We sympathize with him in his suffering. Then, looking to the Lord for guidance, we ask him gently how it would have fared with his soul if he had indeed died at twelve o'clock last night.
The sick man turns a quick, searching glance upon us as if no one had ever before questioned him as to his soul's salvation. Then slowly, between the short breaths, comes the answer: "It would have been all right.”
“Then you have," we eagerly reply, "got hold of the Lord Jesus Himself as your Savior?”
"I have," says the sick man; "leastways, He's got hold of me.”
"Thank God for that! How long have you known it—or, rather, Him?”

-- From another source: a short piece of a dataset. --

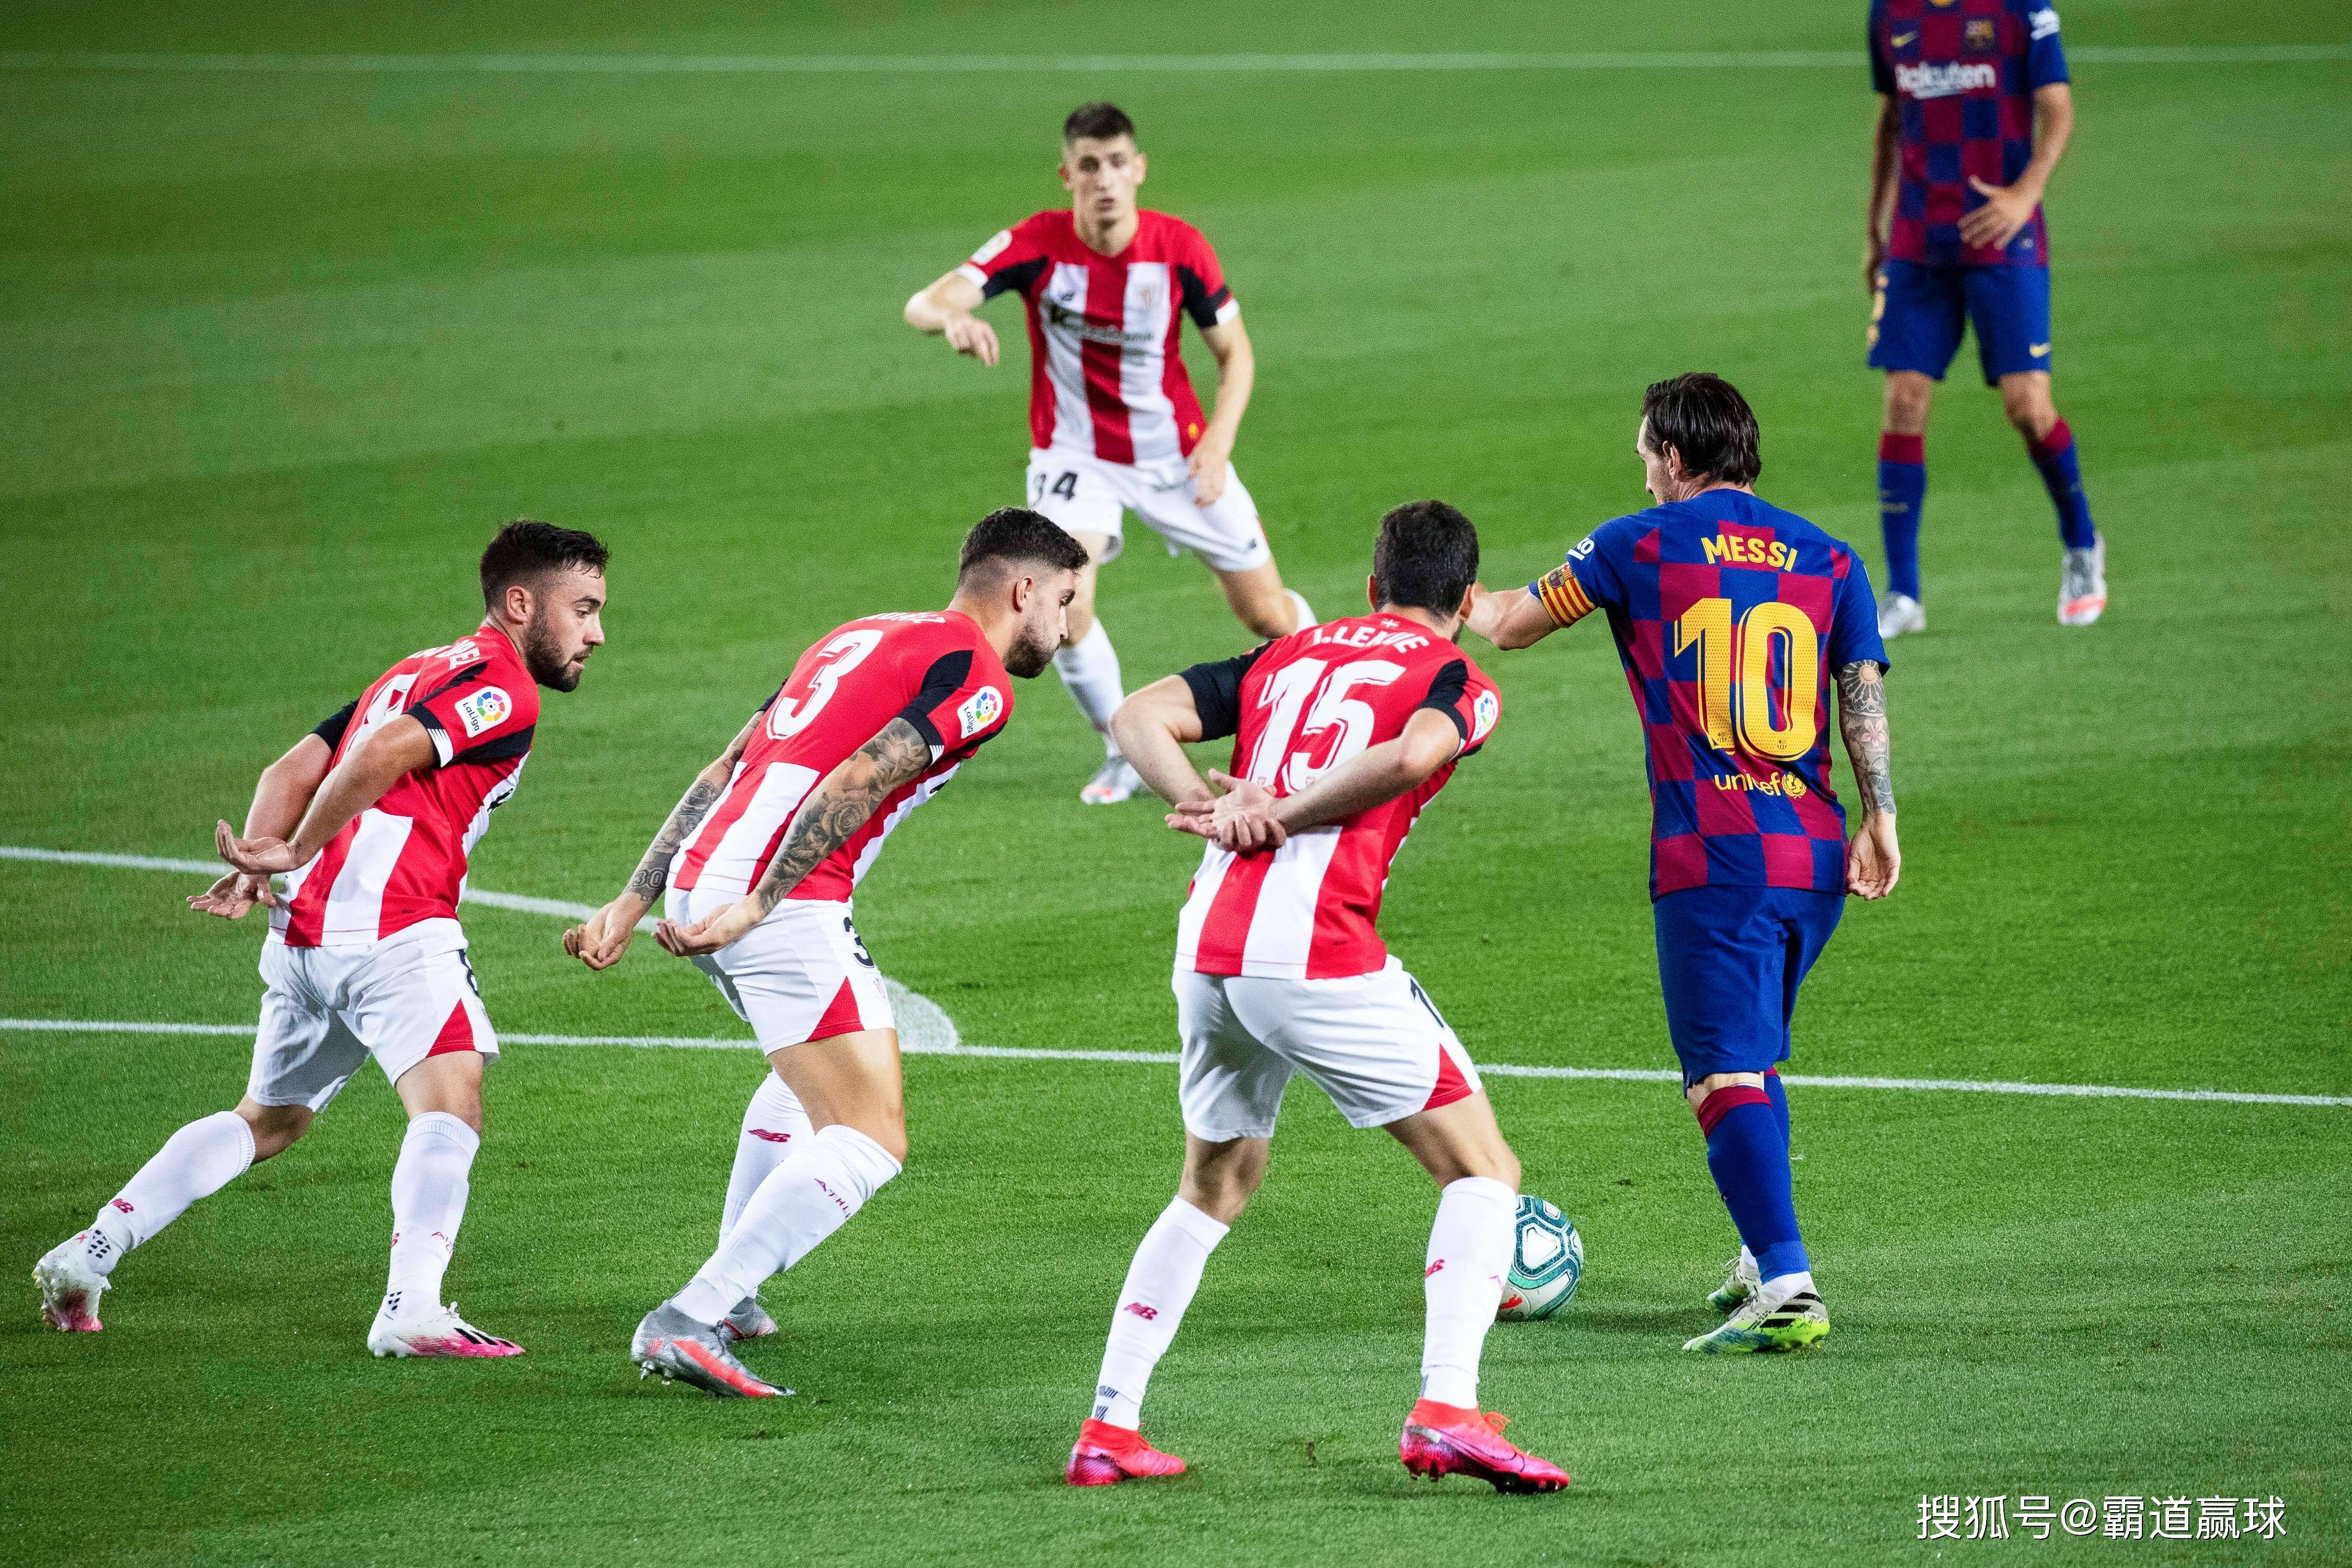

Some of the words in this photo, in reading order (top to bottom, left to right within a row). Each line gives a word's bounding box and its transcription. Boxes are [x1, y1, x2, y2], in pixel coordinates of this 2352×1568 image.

"Since this morning, sir, shortly after midnight." "Then this is a happy New Year to you?”
"It is indeed, sir." And we praise the Lord together.
Somehow the court does not seem so bad after all as we leave it. Now ringing in our hearts, with a deeper meaning than ever before perhaps, are the words: "A happy New Year! A happy New Year!”
And, dear one, how is it with you? Can you look back to the time when you by grace, as a poor lost sinner, took shelter beneath the blood of Christ? Can you say, "Yes, thank God; it is all right with me"? If not, remember that one thing, and one alone, can meet the claims of a holy and sin-hating God—the precious blood of Jesus.
To Israel, on the day that they took shelter from the destroyer beneath the blood of the Passover Lamb, God declared: "This month shall be unto you the beginning of months: it shall be the first month of the year to you." Ex. 12:22This month shall be unto you the beginning of months: it shall be the first month of the year to you. (Exodus 12:2). That was their happy new year's day.
Happy too are they who know that Christ, their Passover, is slain, and that they, cleansed and sheltered by His blood, can now keep the feast. What a portion is theirs!
Dear one, may such a HAPPY NEW YEAR be yours.